Петраков не выдержал, рассмеялся – Семеркин рассказывал забавно, он умел не только серединки из старых горбачевских сторублевок выковыривать – умел по-актерски вкусно рассказывать.
– А потом женщины сориентировались, нашли способ веселиться. Выходят в холл, рассаживаются, включают телевизор… Там, естественно, уже сидит Гайдар. Рассказывает, как молотком чинить будильники. Вдруг одна из них – чмок губами, – Семеркин очень звучно, совершенно по-гайдаровски чмокнул воздух, – Гайдар в ответ с экрана – чмок! Через минуту вторая – чмок губами! Гайдар в ответ с экрана снова чмок! Хохот стоит такой, что в окнах из рам вылетают стекла. Иногда даже сами рамы выворачивает.

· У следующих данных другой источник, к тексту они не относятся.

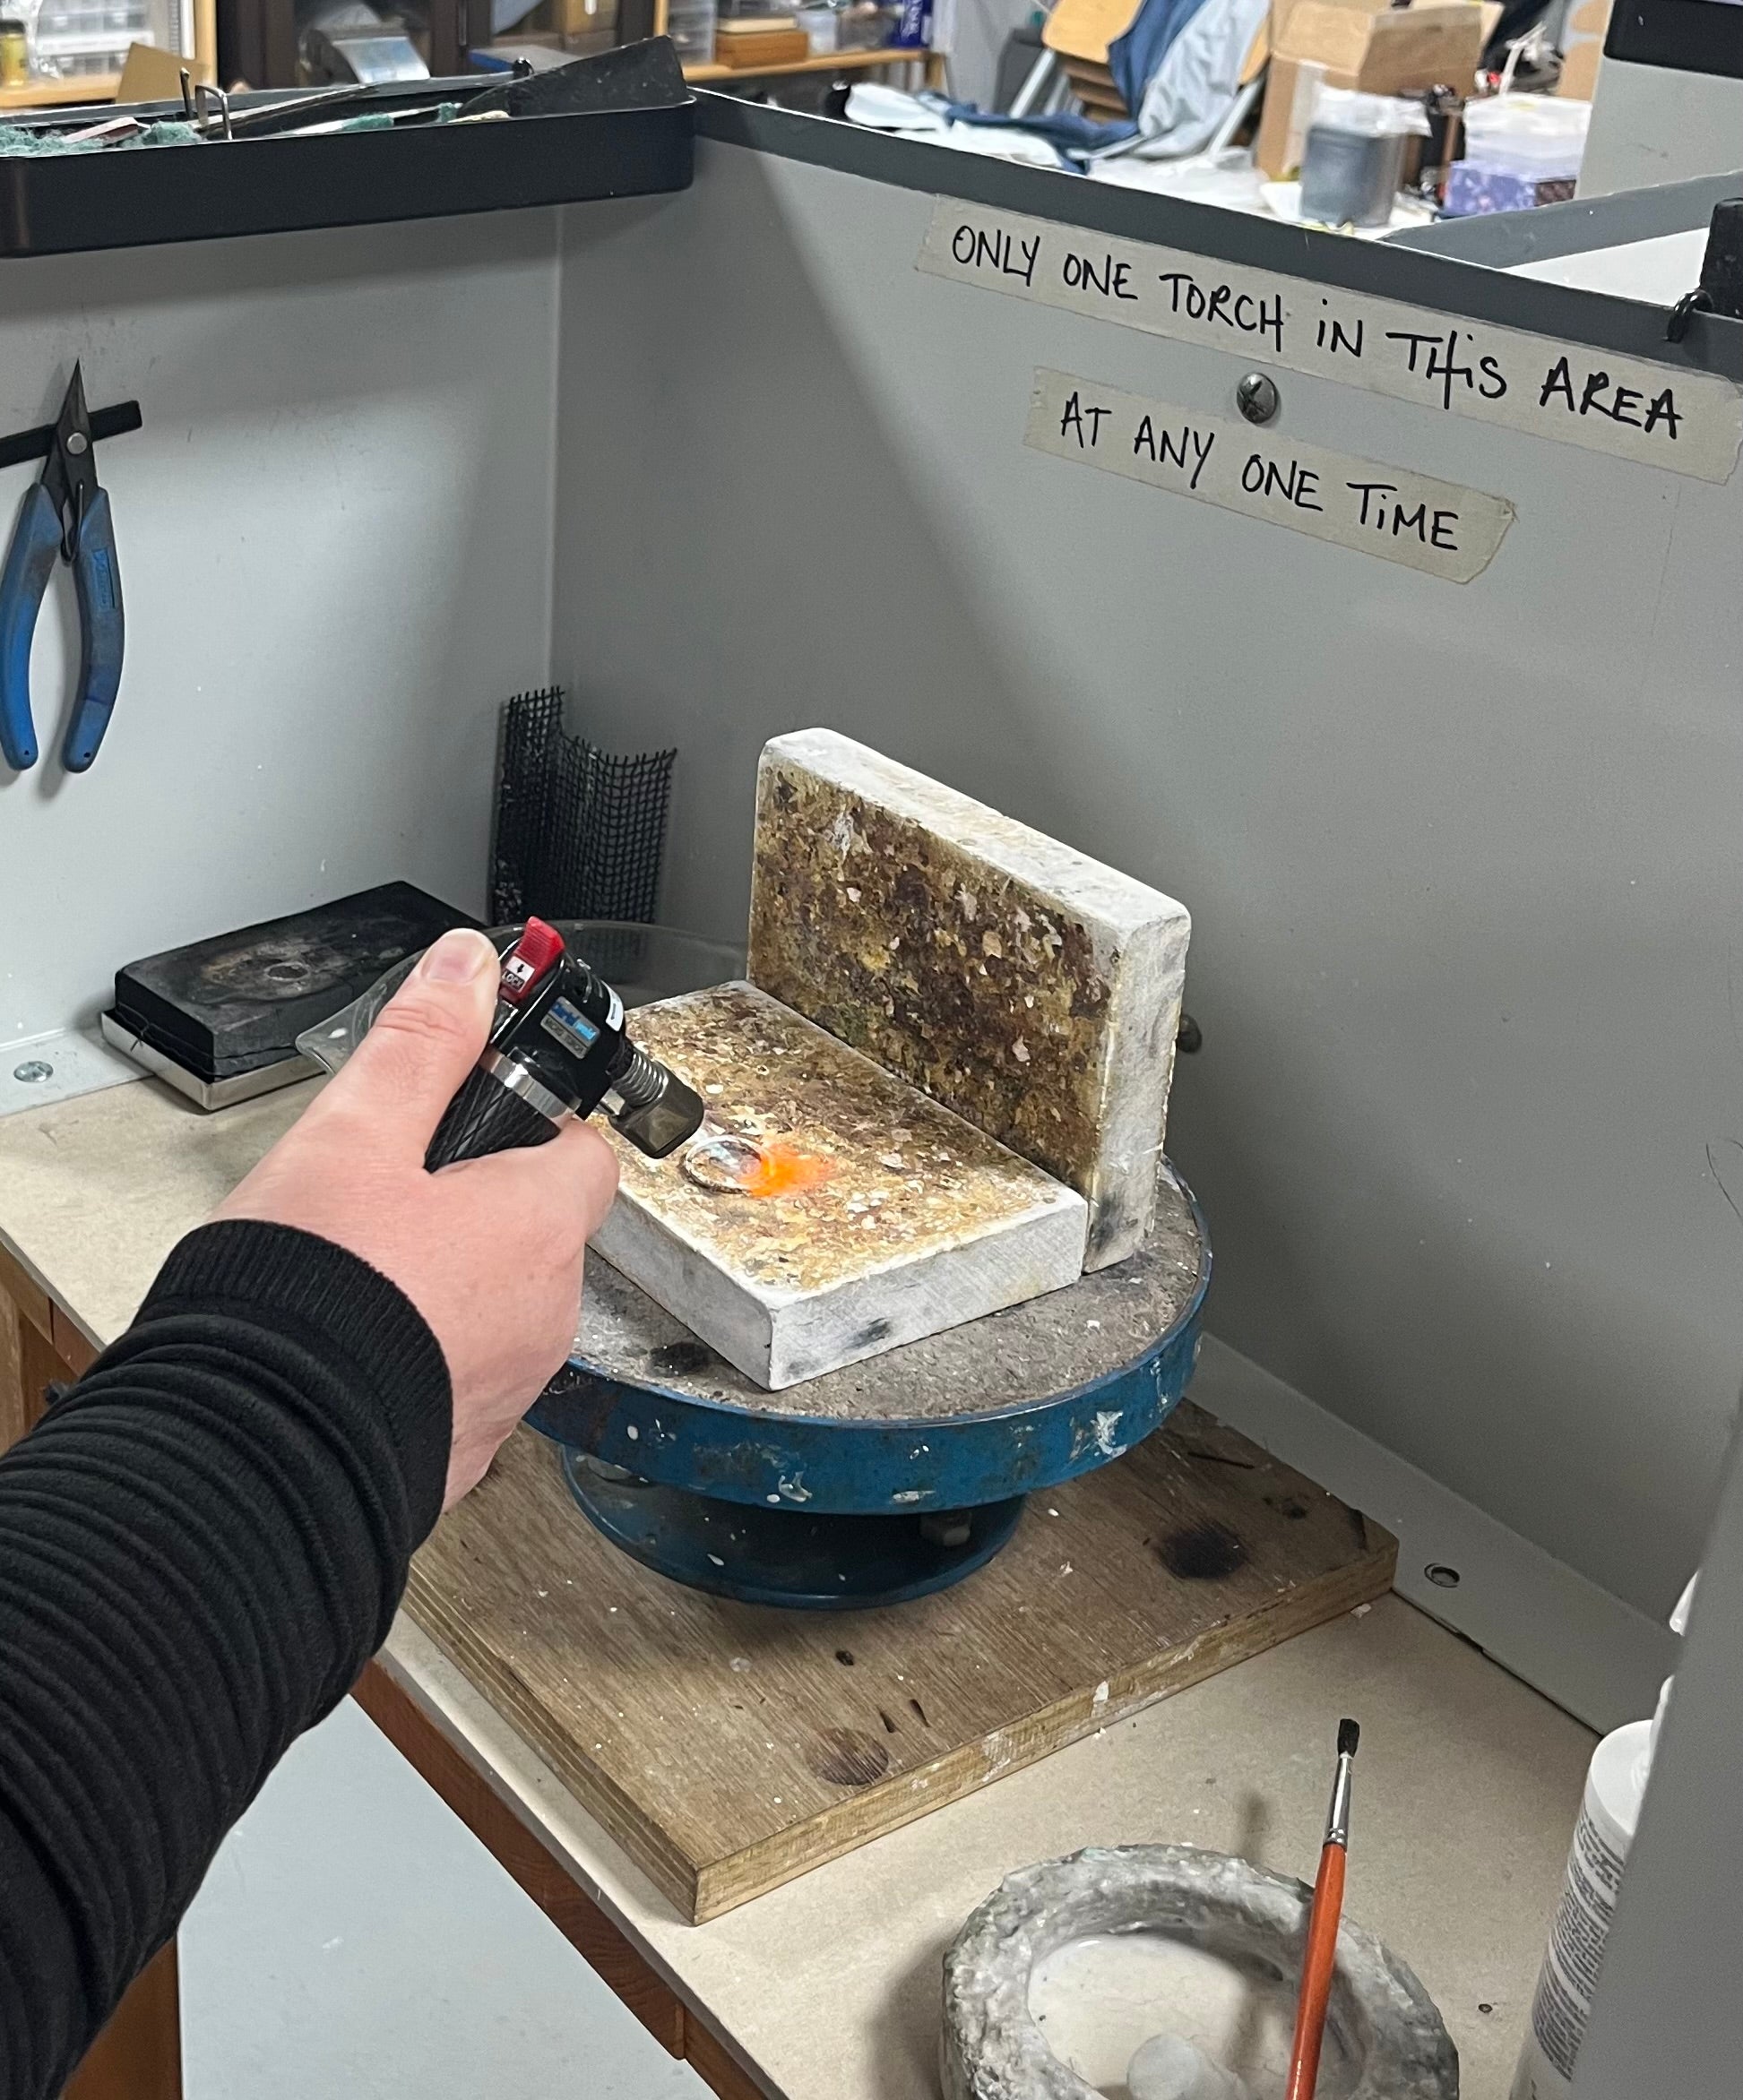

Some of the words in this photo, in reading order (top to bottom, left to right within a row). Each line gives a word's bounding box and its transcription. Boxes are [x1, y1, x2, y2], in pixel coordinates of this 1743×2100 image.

– М-да, Егор Тимурович был большим мастером по части посмешить народ. Он вообще так кое-кого насмешил, что у этих людей слезы на лицах десятилетиями просыхать не будут.

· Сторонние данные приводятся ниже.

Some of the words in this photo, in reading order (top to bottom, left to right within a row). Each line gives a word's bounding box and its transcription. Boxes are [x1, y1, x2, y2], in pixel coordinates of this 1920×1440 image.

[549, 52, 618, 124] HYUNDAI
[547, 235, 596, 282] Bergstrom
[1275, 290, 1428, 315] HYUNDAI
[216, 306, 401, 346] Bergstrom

– Таких людей, командир, к сожалению, много, – разом погрустнев и потеряв веселую лихость, проговорил Семеркин.
Петраков отвернул рукав куртки, посмотрел на часы.
– Чего, командир, ждешь кого-нибудь?
– Жду.
– Кого?
– Узнаешь.
Через две минуты открылась дверь семеркинского номера, на пороге появился Петрович, молча подмигнул Семеркину и вытащил из-за спины бутылку шампанского. Произнес коротко:
– Только что из морозилки.
С бутылки густыми искрящимися лохмами свисала снежная махра.
– Ба-ба-ба! – не замедлил вскричать Семеркин. – Это что же такое делается в бывшей Советской Армии! Пьянка на сборах! Да за это же генералы лишались лаковых сапог!
– Это еще не все, – объявил Петрович.
Снова открылась дверь. На пороге номера стояли Проценко и Токарев. Оба с подносами. На одном подносе была нарезана по-мужски крупными кусками, «неэкономно», колбаса нескольких сортов, на тарелке лежала рыба – лосось, вытащенный из жесткой прозрачной упаковки, с вдавленными следами от твердой оболочки и прозрачная синеватая осетрина, эту рыбу купили в коммерческом киоске, потому она и выглядела так неаппетитно, тут же горкой был навален хлеб, на втором подносе грудились овощи. Много овощей: помидоры, огурцы, свежая, явно реквизированная на чужом огороде редиска, нежная, маленькая, с аппетитными капельками воды, застывшими на яркой малиновой кожице, сладкий болгарский перец – желтые, светящиеся, будто внутрь каждого плода было вставлено по электрической лампочке. У Проценко была еще одна бутылка шампанского.
– Ба-ба-ба! – вновь воскликнул Семеркин.
– Не бабакай, не то дырки в карманах образуются, – сказал ему Петрович. – Пообедаем у тебя в номере.
– С чего такая честь?
– Сейчас узнаешь, – Петрович обвел рукою комнату, призывая своих подопечных сесть. – Хоть и не мой это номер, но не стесняйтесь, чувствуйте себя как дома, – сказал он.